* Referring expression grounding data
== Segment start ==
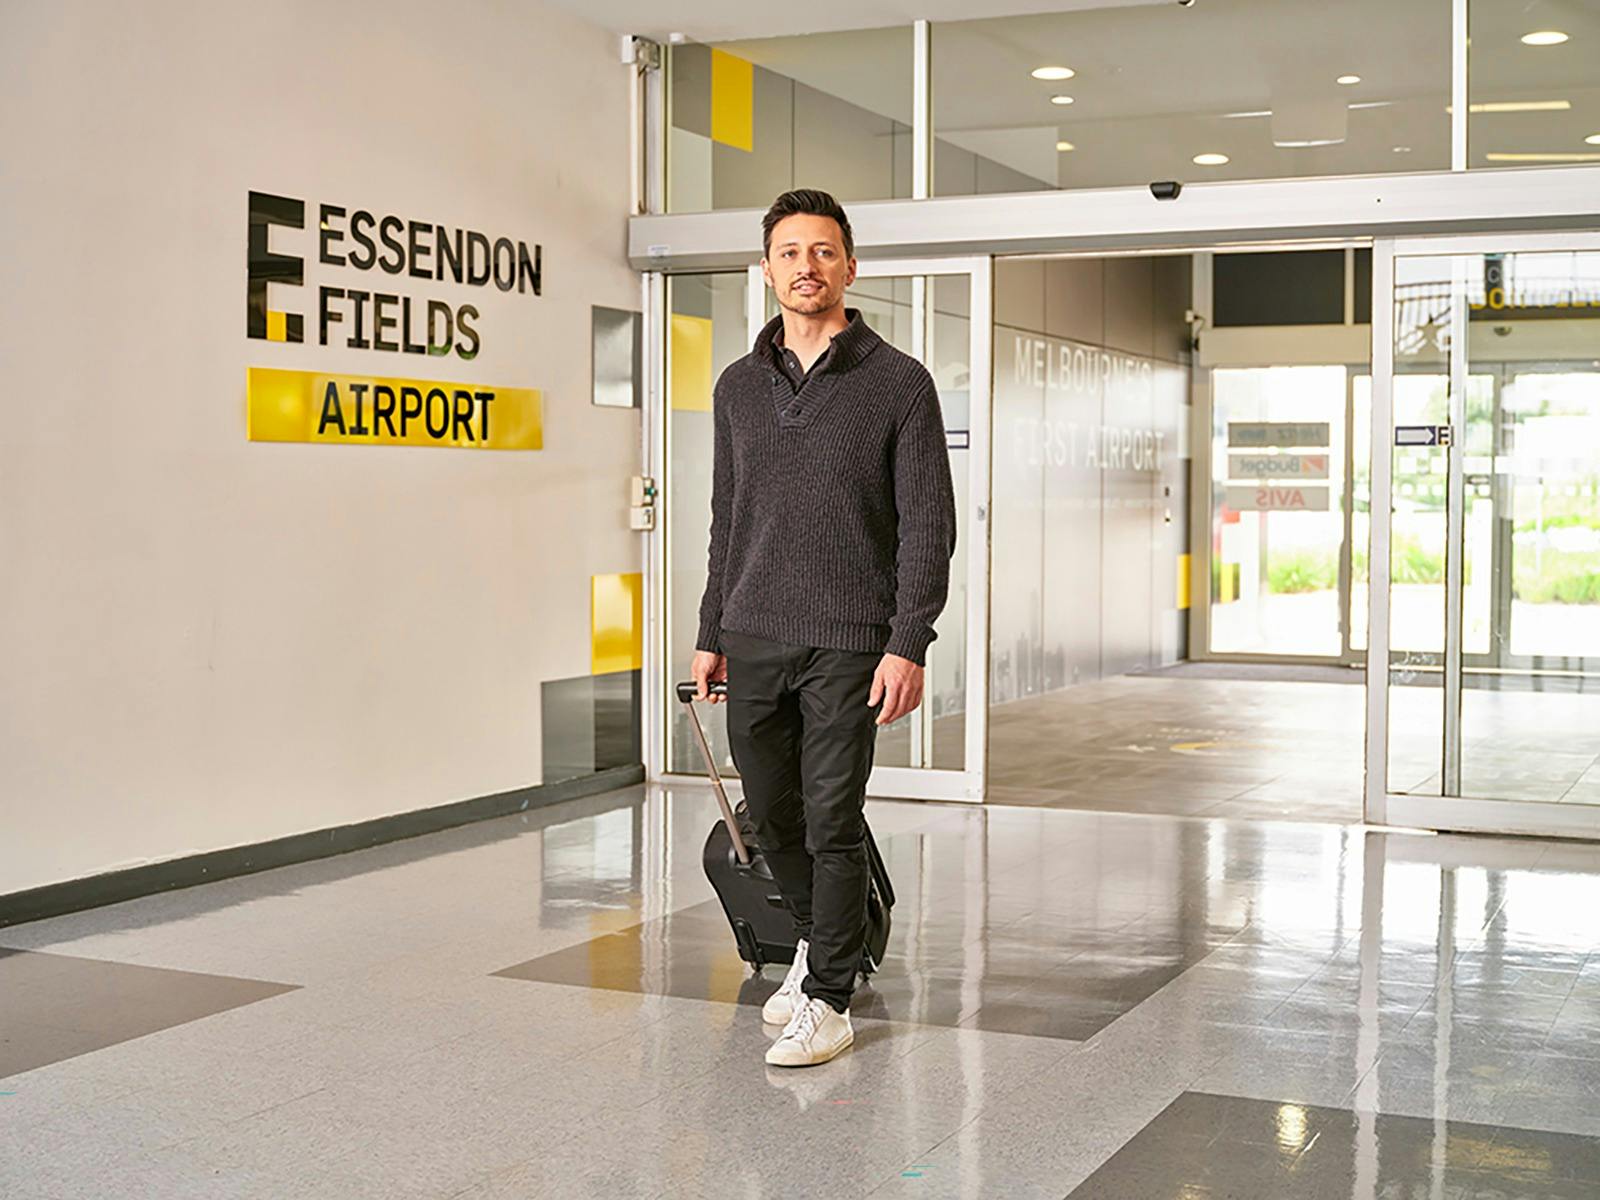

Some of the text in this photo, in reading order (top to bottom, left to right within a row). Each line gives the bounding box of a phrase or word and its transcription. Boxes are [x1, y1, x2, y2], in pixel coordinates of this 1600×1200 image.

[319, 203, 542, 296] ESSENDON
[319, 286, 480, 360] FIELDS
[317, 381, 495, 441] AIRPORT
[1085, 424, 1164, 471] AIRPORT
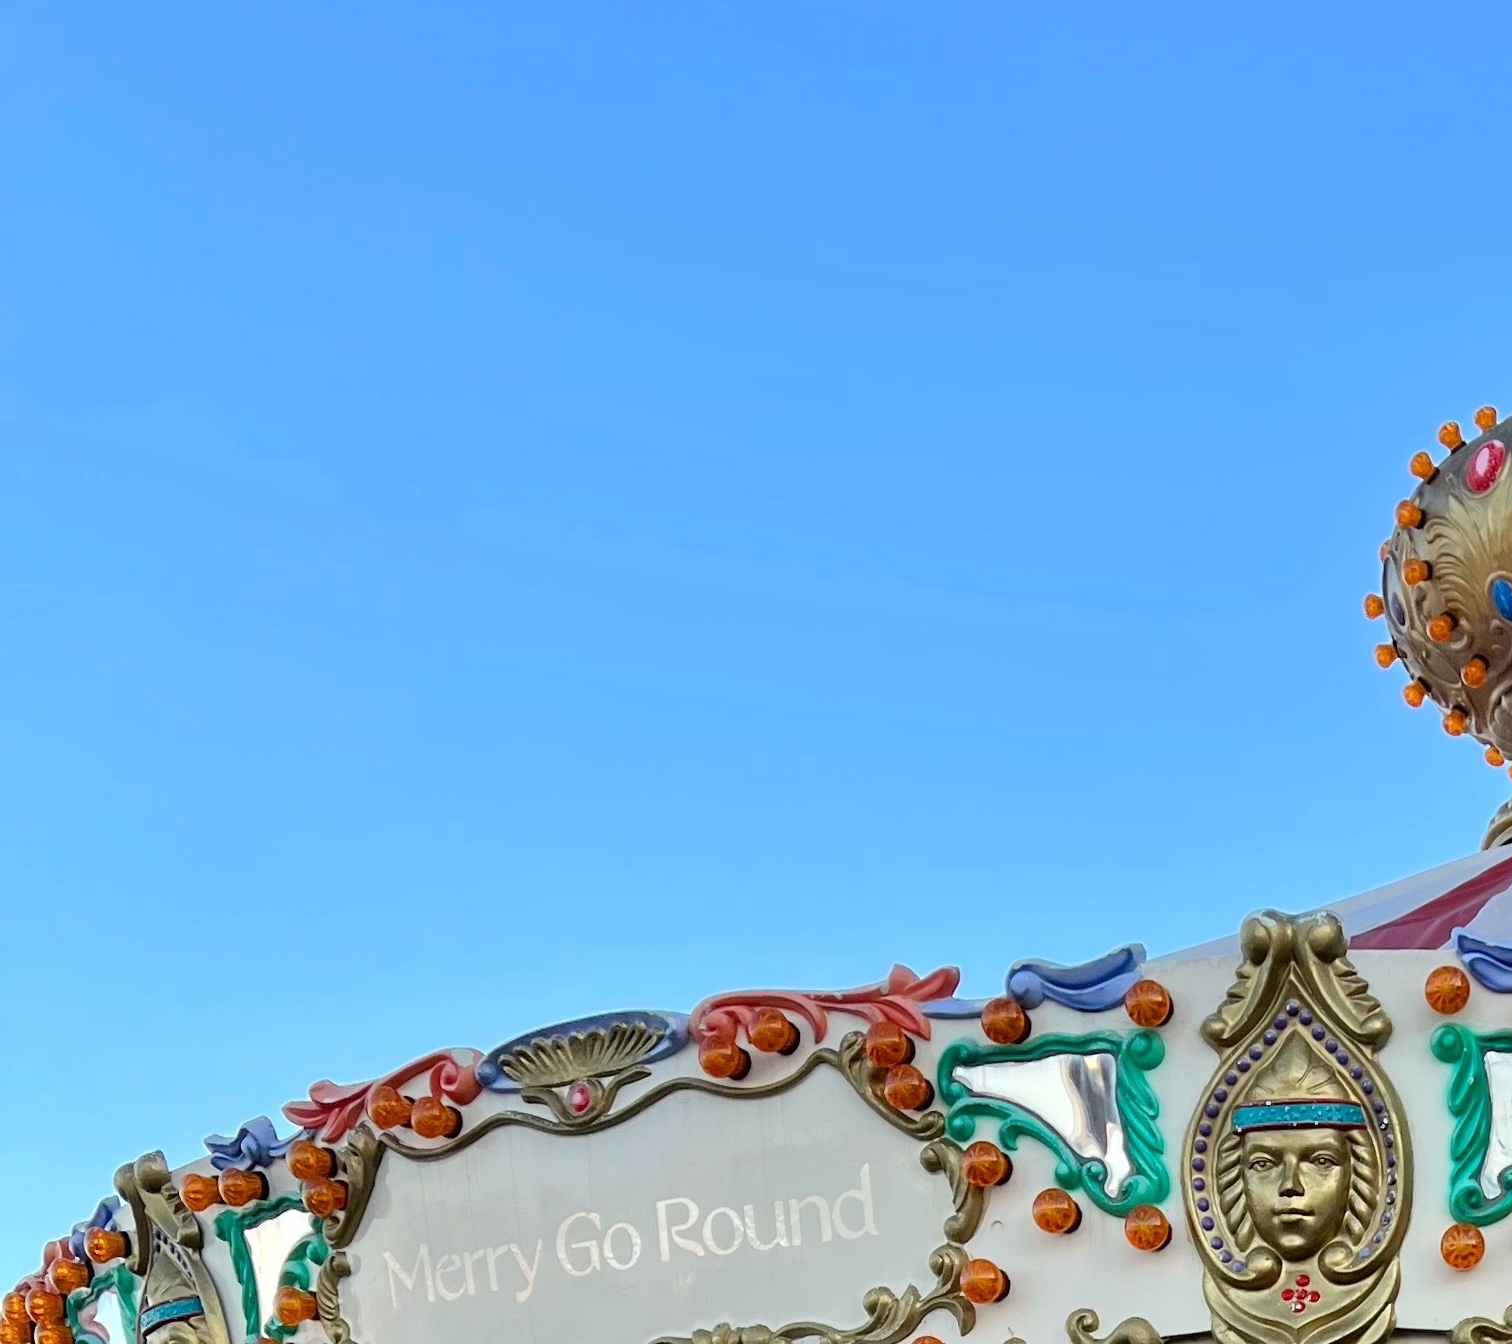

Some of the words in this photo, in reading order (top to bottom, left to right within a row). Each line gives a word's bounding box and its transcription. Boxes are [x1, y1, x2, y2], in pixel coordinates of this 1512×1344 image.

[384, 1238, 542, 1308] Merry
[556, 1211, 641, 1277] Go
[656, 1163, 879, 1262] Round
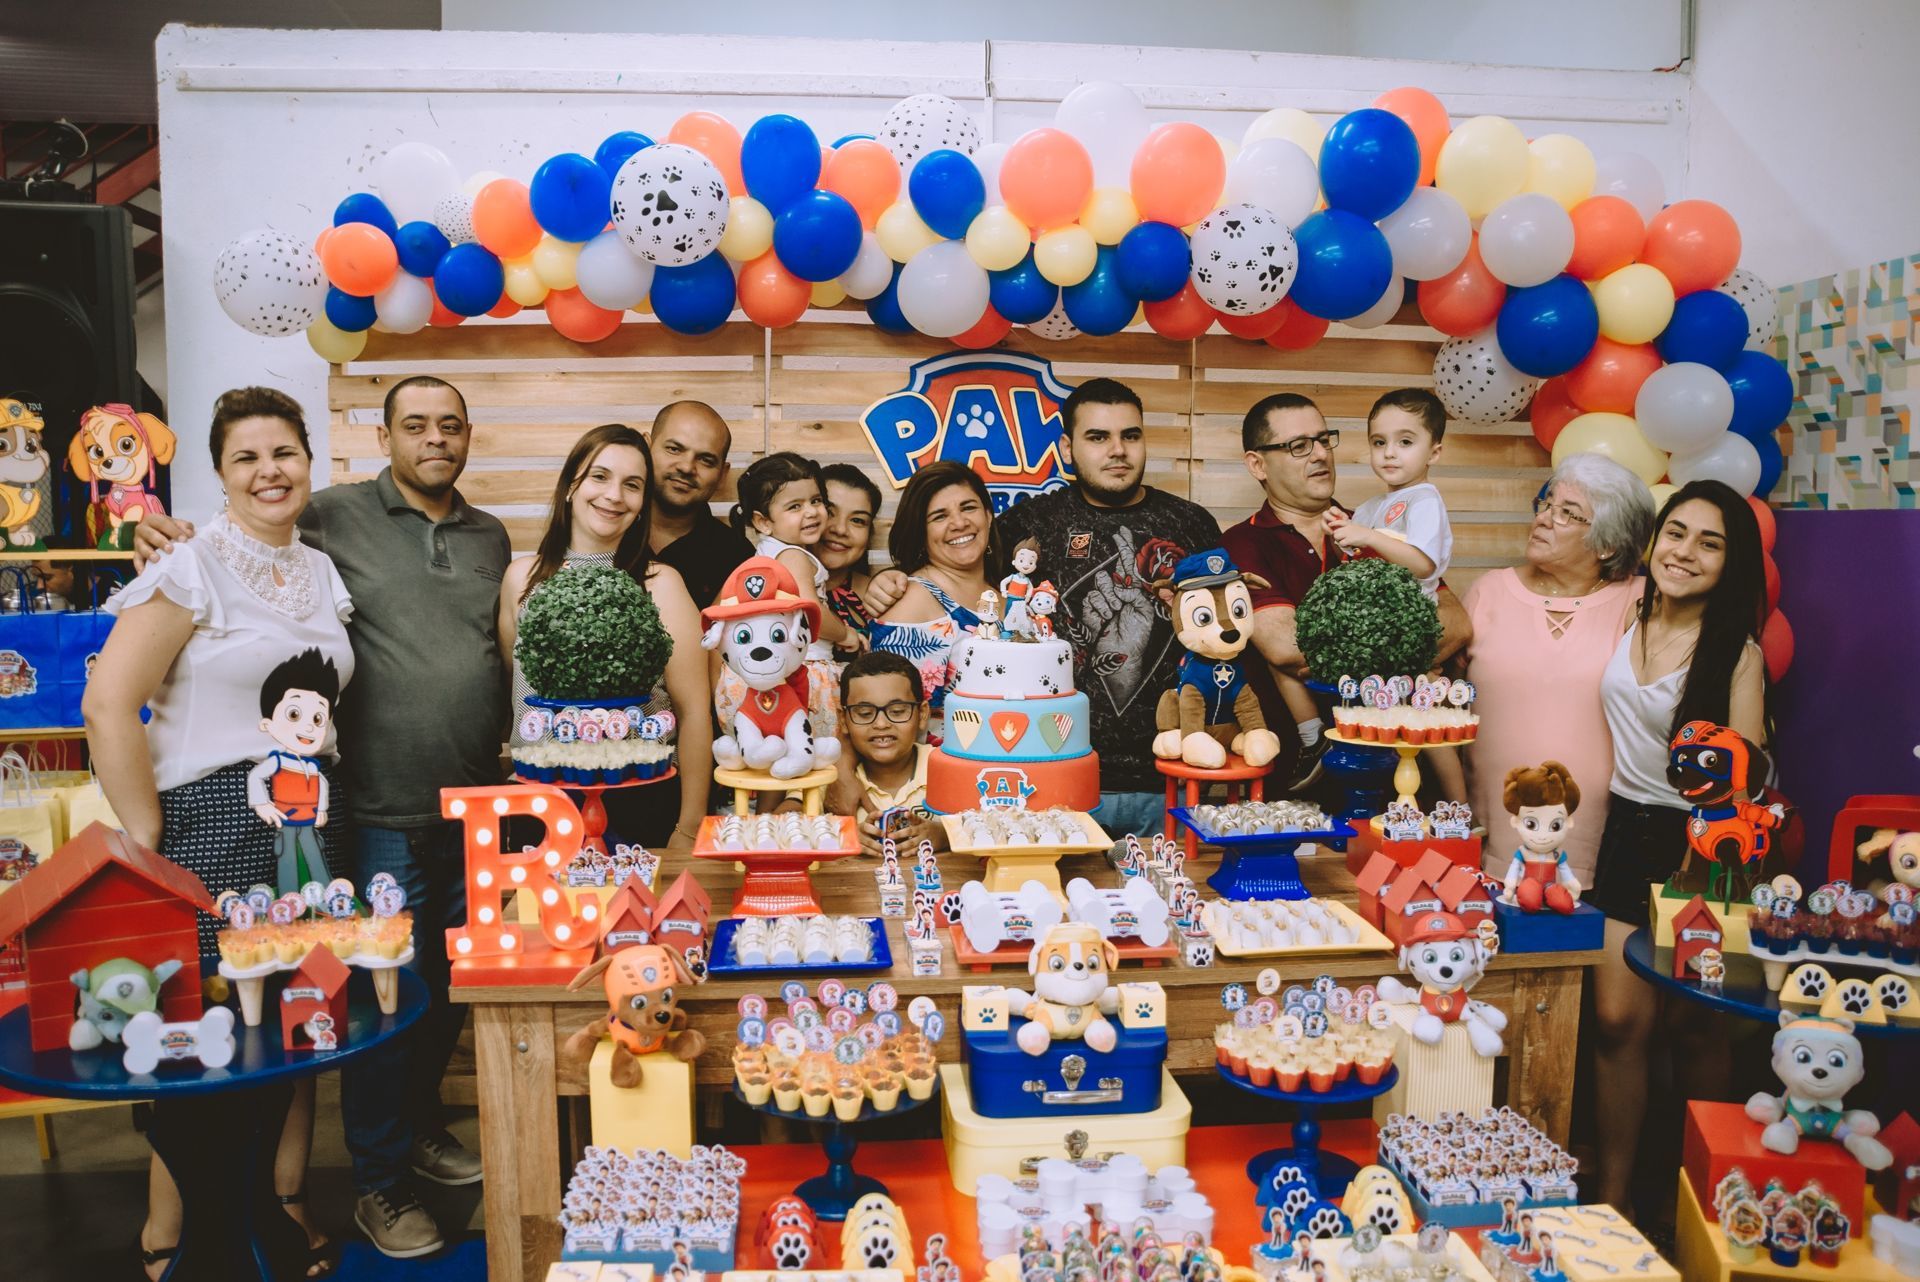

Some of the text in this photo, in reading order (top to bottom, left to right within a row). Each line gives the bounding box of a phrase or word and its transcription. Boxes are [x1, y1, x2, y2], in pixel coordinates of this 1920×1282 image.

[976, 777, 1037, 798] PAW
[986, 797, 1019, 807] PATROL
[440, 784, 601, 960] R
== Segment end ==
* Required action
Copy out every entry above, character for character, excluding pictures.

* Output
Some of the text in this photo, in reading order (top to bottom, left to right within a row). Each line gives the bounding box of a phrase or word and its transcription. Boxes are [x1, y1, x2, y2], in pixel coordinates of this 1600×1200 image.

[319, 203, 542, 296] ESSENDON
[319, 286, 480, 360] FIELDS
[317, 381, 495, 441] AIRPORT
[1085, 424, 1164, 471] AIRPORT

Some of the words in this photo, in reading order (top to bottom, left to right within a row). Each line gives a word's bounding box and its transcription. Boxes are [x1, y1, x2, y2], in pixel coordinates of this 1512×1344 image.

[384, 1238, 542, 1308] Merry
[556, 1211, 641, 1277] Go
[656, 1163, 879, 1262] Round

Some of the text in this photo, in reading order (top to bottom, left to right within a row). Each line gives the bounding box of a phrase or word and its transcription. Boxes are [x1, y1, x2, y2], in pixel coordinates of this 1920×1282 image.

[976, 777, 1037, 798] PAW
[986, 797, 1019, 807] PATROL
[440, 784, 601, 960] R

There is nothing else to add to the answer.